PROBLEM REQUIREMENTS
Would you return every entry below without a single difference?

PROVIDED DATA
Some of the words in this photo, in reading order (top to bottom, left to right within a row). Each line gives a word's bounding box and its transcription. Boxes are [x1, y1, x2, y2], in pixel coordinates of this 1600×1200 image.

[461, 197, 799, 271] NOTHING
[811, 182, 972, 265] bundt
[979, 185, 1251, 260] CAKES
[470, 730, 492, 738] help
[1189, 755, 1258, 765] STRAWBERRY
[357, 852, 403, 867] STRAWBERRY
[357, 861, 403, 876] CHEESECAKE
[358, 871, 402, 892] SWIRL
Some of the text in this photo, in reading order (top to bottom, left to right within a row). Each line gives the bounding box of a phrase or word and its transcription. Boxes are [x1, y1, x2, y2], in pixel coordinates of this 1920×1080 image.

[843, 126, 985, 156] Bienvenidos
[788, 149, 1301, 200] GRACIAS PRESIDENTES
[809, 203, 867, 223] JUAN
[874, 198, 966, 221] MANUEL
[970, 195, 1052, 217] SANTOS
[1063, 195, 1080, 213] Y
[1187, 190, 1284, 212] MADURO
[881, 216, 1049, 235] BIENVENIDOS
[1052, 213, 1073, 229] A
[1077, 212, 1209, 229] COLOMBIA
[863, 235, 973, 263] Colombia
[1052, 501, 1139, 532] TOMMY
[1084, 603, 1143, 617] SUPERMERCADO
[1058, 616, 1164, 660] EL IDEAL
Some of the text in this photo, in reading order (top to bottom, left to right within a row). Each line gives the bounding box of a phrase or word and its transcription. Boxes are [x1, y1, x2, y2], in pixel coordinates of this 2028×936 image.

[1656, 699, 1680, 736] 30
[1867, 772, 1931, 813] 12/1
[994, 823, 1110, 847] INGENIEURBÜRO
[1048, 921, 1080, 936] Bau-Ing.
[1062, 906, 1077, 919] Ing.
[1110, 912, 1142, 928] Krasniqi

SOLUTION FOR THIS TASK
Some of the words in this photo, in reading order (top to bottom, left to right within a row). Each line gives a word's bounding box and its transcription. Boxes are [x1, y1, x2, y2], in pixel coordinates of this 1600×1200 image.

[461, 197, 799, 271] NOTHING
[811, 182, 972, 265] bundt
[979, 185, 1251, 260] CAKES
[470, 730, 492, 738] help
[1189, 755, 1258, 765] STRAWBERRY
[357, 852, 403, 867] STRAWBERRY
[357, 861, 403, 876] CHEESECAKE
[358, 871, 402, 892] SWIRL
Some of the text in this photo, in reading order (top to bottom, left to right within a row). Each line gives the bounding box of a phrase or word and its transcription. Boxes are [x1, y1, x2, y2], in pixel coordinates of this 1920×1080 image.

[843, 126, 985, 156] Bienvenidos
[788, 149, 1301, 200] GRACIAS PRESIDENTES
[809, 203, 867, 223] JUAN
[874, 198, 966, 221] MANUEL
[970, 195, 1052, 217] SANTOS
[1063, 195, 1080, 213] Y
[1187, 190, 1284, 212] MADURO
[881, 216, 1049, 235] BIENVENIDOS
[1052, 213, 1073, 229] A
[1077, 212, 1209, 229] COLOMBIA
[863, 235, 973, 263] Colombia
[1052, 501, 1139, 532] TOMMY
[1084, 603, 1143, 617] SUPERMERCADO
[1058, 616, 1164, 660] EL IDEAL
Some of the text in this photo, in reading order (top to bottom, left to right within a row). Each line gives the bounding box of a phrase or word and its transcription. Boxes are [x1, y1, x2, y2], in pixel coordinates of this 2028×936 image.

[1656, 699, 1680, 736] 30
[1867, 772, 1931, 813] 12/1
[994, 823, 1110, 847] INGENIEURBÜRO
[1048, 921, 1080, 936] Bau-Ing.
[1062, 906, 1077, 919] Ing.
[1110, 912, 1142, 928] Krasniqi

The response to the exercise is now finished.